= YOUR ASSIGNMENT =
Retype the entries below word for word, leaving out every picture.

= PROVIDED RECORDS =
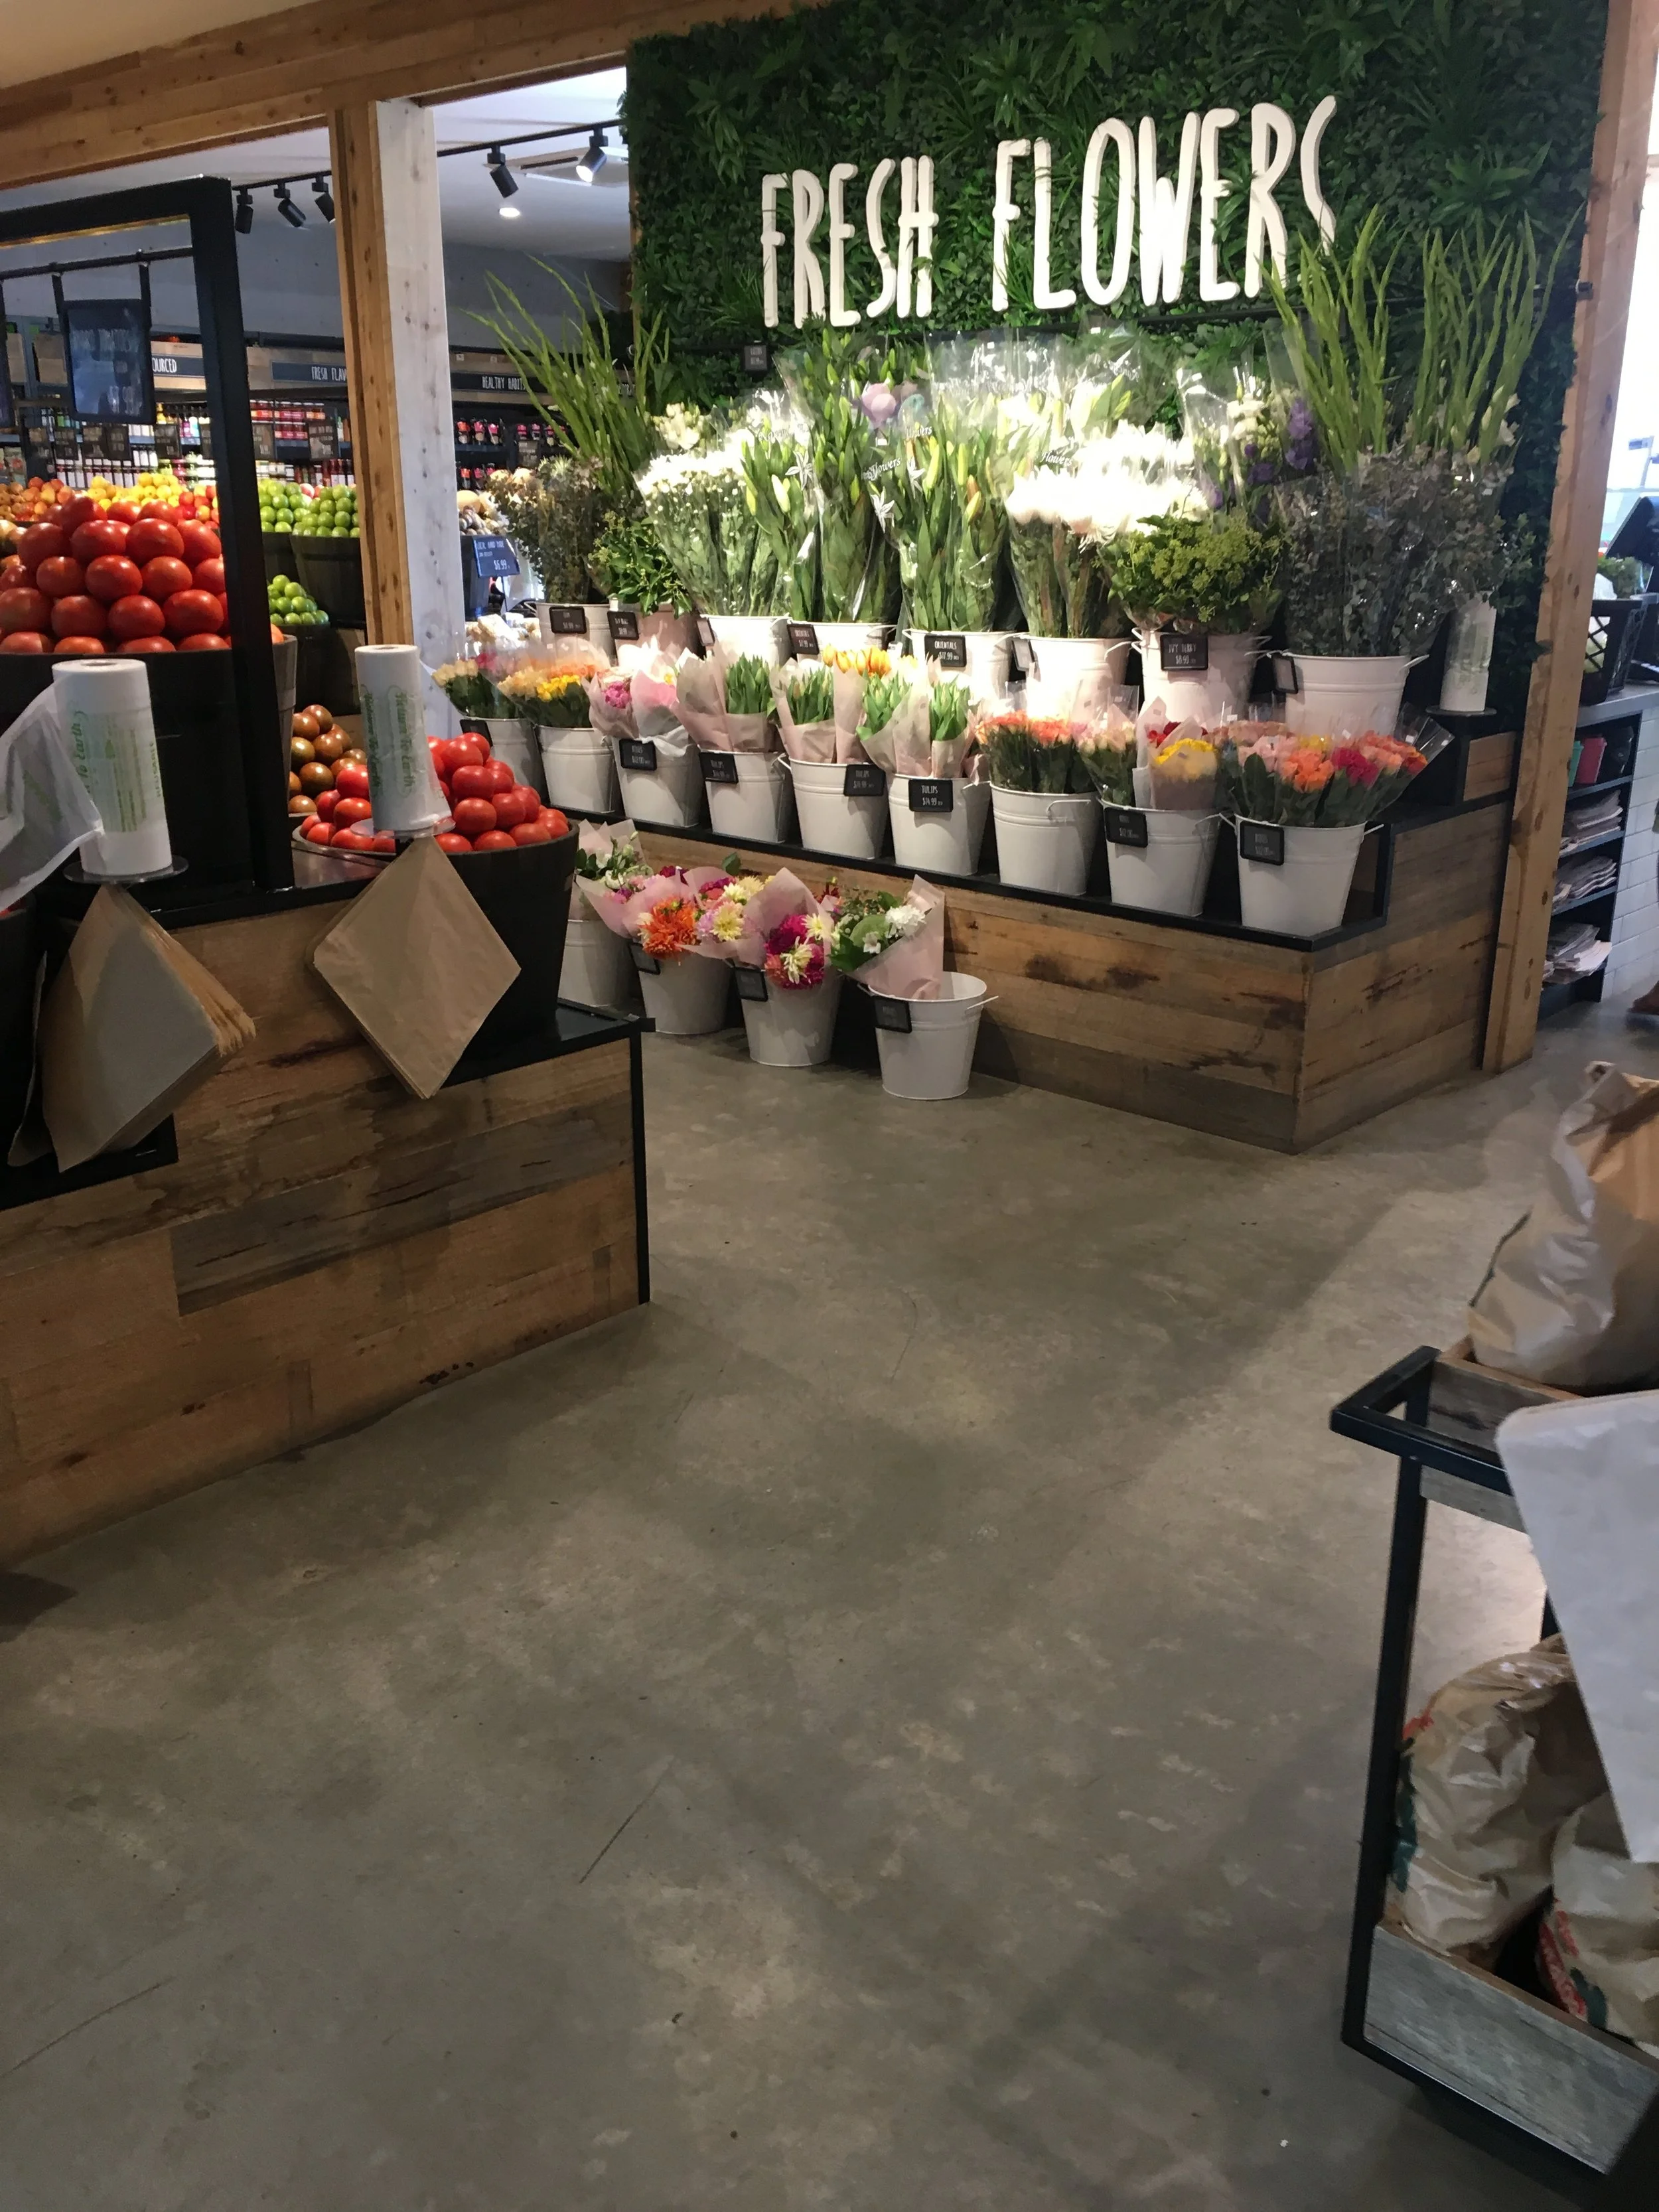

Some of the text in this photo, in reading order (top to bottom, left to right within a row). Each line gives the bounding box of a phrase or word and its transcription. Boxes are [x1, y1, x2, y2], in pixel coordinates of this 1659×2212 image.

[760, 95, 1337, 329] FRESH FLOWERS
[151, 357, 177, 374] OURCED
[311, 366, 328, 380] FRESH
[482, 376, 505, 390] HEALTHY
[934, 640, 957, 650] ORIENTALS
[920, 784, 938, 794] TULIPS

= SOLUTION BELOW =
Some of the text in this photo, in reading order (top to bottom, left to right within a row). Each line gives the bounding box of a phrase or word and its transcription. Boxes are [x1, y1, x2, y2], in pixel coordinates of this 1659×2212 image.

[760, 95, 1337, 329] FRESH FLOWERS
[151, 357, 177, 374] OURCED
[311, 366, 328, 380] FRESH
[482, 376, 505, 390] HEALTHY
[934, 640, 957, 650] ORIENTALS
[920, 784, 938, 794] TULIPS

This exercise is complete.